**What is being asked**
Without including any pictures, copy every line below exactly.

**Images for object localization**
• • •

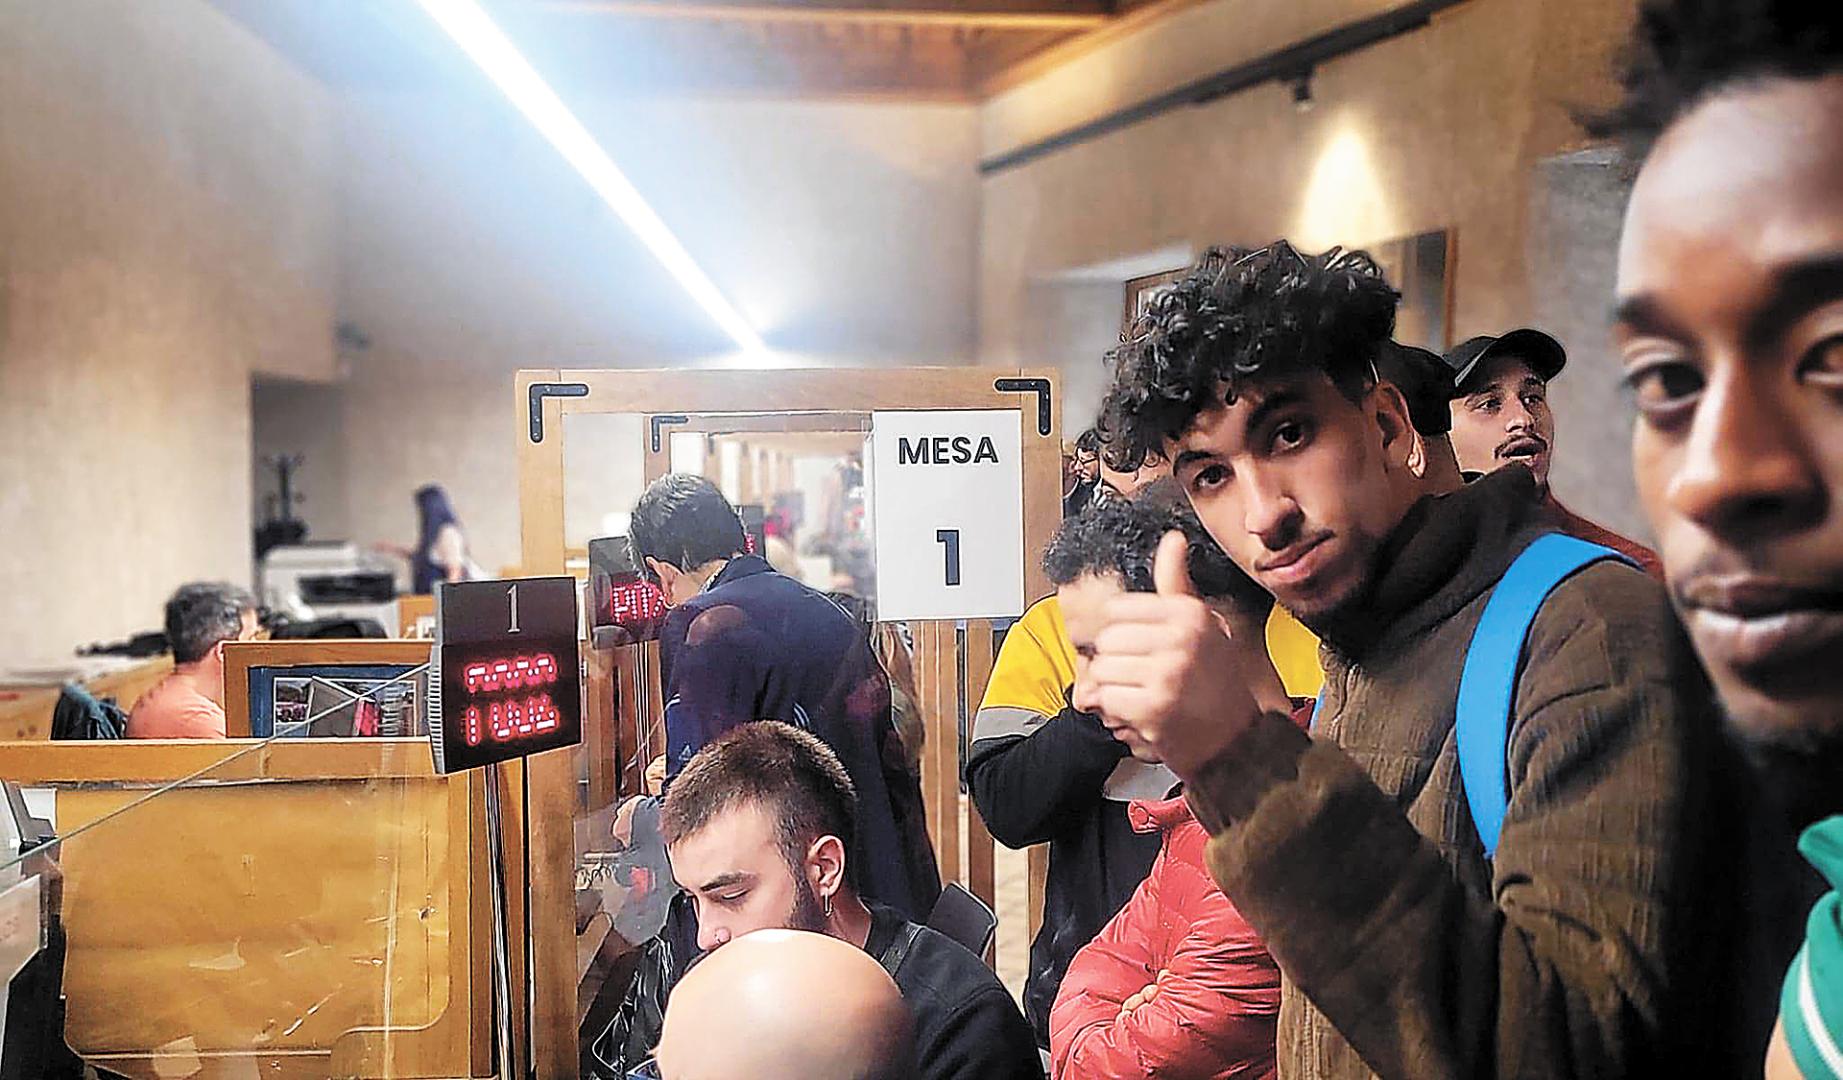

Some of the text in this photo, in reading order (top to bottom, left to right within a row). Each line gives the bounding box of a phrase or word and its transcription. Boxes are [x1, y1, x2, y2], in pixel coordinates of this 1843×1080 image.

[898, 436, 999, 465] MESA
[936, 529, 960, 585] 1
[506, 584, 521, 633] 1
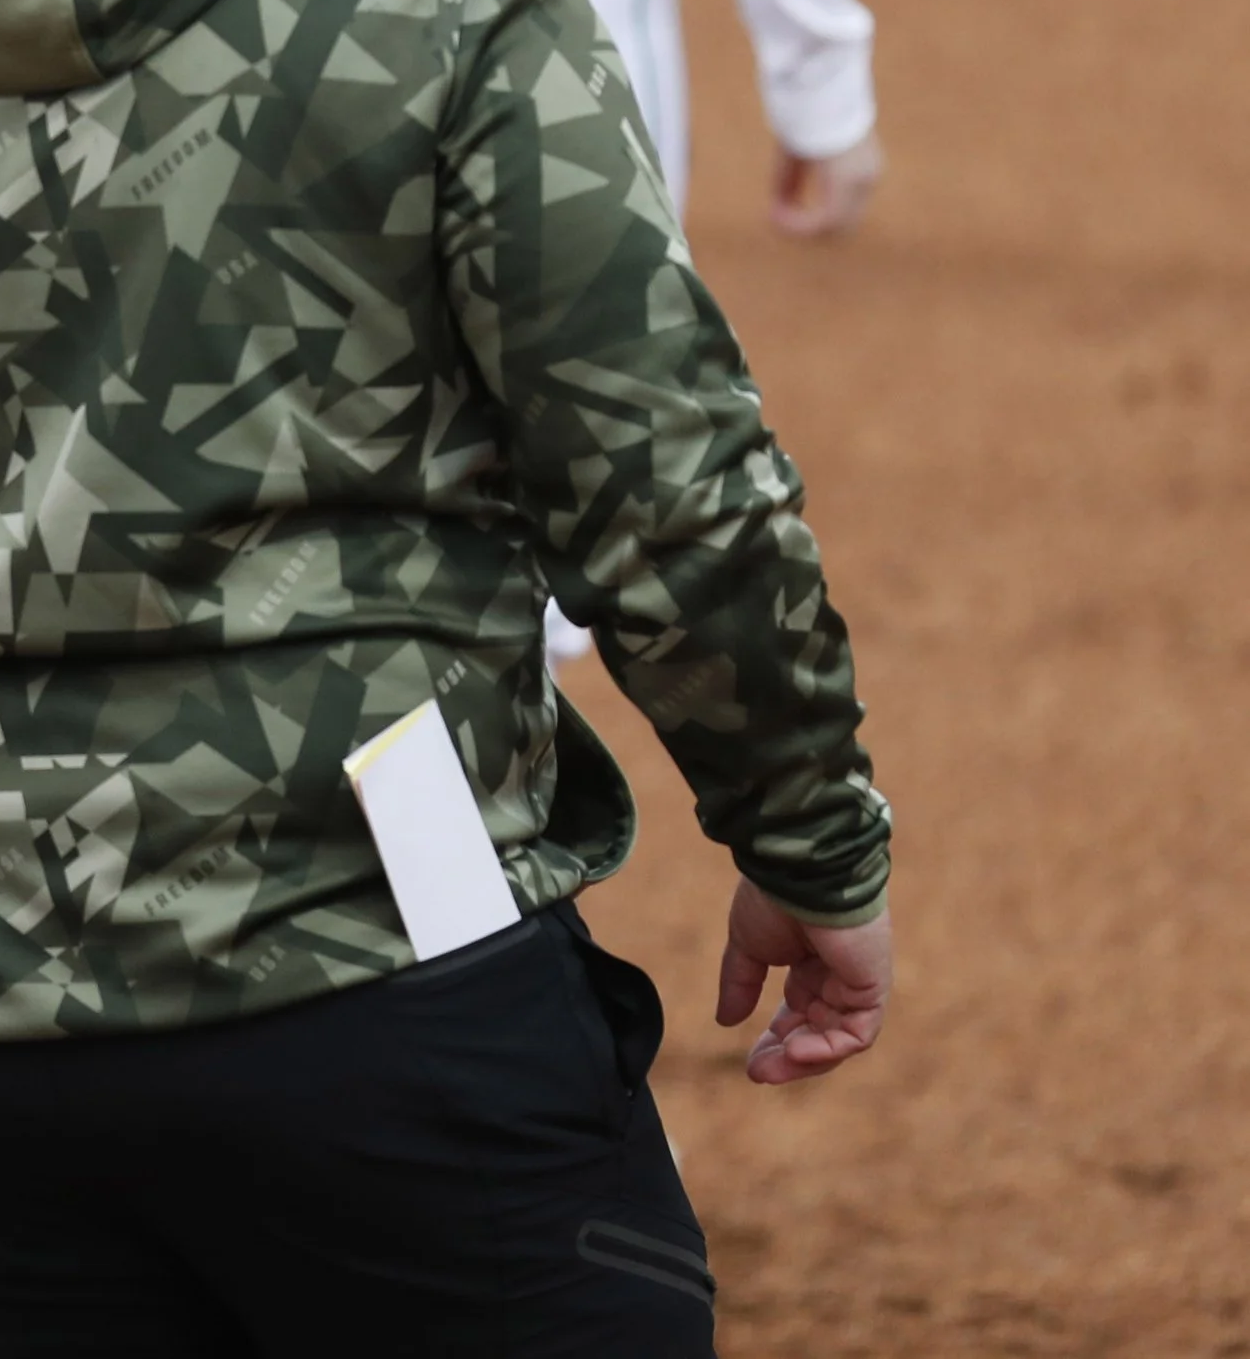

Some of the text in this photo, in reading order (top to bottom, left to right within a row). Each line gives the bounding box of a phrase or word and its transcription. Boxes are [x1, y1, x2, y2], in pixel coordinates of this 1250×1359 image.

[130, 127, 212, 202] FREEDOM
[216, 250, 259, 285] USA
[144, 846, 230, 917] FREEDOM

• • •

**Finished exercise**
Some of the text in this photo, in reading order (top to bottom, left to right within a row). Each line gives the bounding box of a phrase or word and its transcription. Boxes are [x1, y1, x2, y2], in pixel coordinates of this 1843×1080 image.

[898, 436, 999, 465] MESA
[936, 529, 960, 585] 1
[506, 584, 521, 633] 1

Some of the text in this photo, in reading order (top to bottom, left to right within a row). Each line gives the bounding box of a phrase or word and its transcription. Boxes are [x1, y1, x2, y2], in pixel coordinates of this 1250×1359 image.

[130, 127, 212, 202] FREEDOM
[216, 250, 259, 285] USA
[144, 846, 230, 917] FREEDOM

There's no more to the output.